▶ _REQUIRED WORK_
Drop every picture, then repeat the records exactly.

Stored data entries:
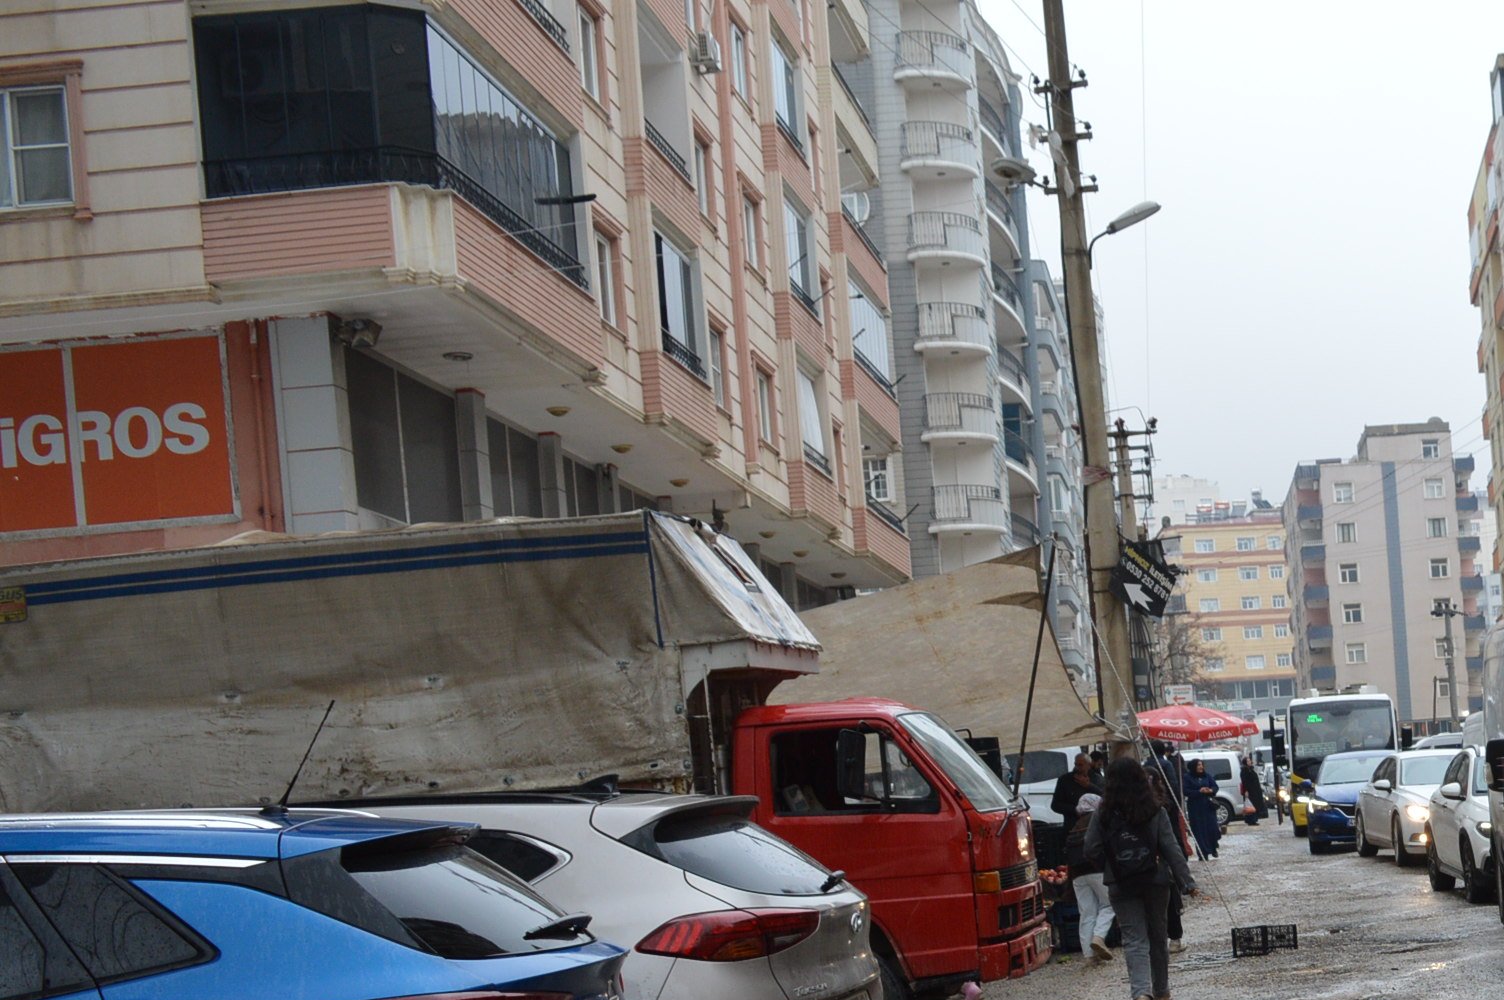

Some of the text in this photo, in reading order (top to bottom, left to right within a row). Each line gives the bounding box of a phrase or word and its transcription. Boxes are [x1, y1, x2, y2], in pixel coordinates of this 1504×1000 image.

[1126, 561, 1143, 579] 0530
[1141, 574, 1155, 590] 252
[1158, 730, 1187, 740] ALGIDA
[1208, 730, 1233, 740] ALGIDA

▶ _SOLUTION TO THIS PROBLEM_
Some of the text in this photo, in reading order (top to bottom, left to right within a row). Each line gives the bounding box of a phrase or word and its transcription. Boxes are [x1, y1, x2, y2], in pixel coordinates of this 1504×1000 image.

[1126, 561, 1143, 579] 0530
[1141, 574, 1155, 590] 252
[1158, 730, 1187, 740] ALGIDA
[1208, 730, 1233, 740] ALGIDA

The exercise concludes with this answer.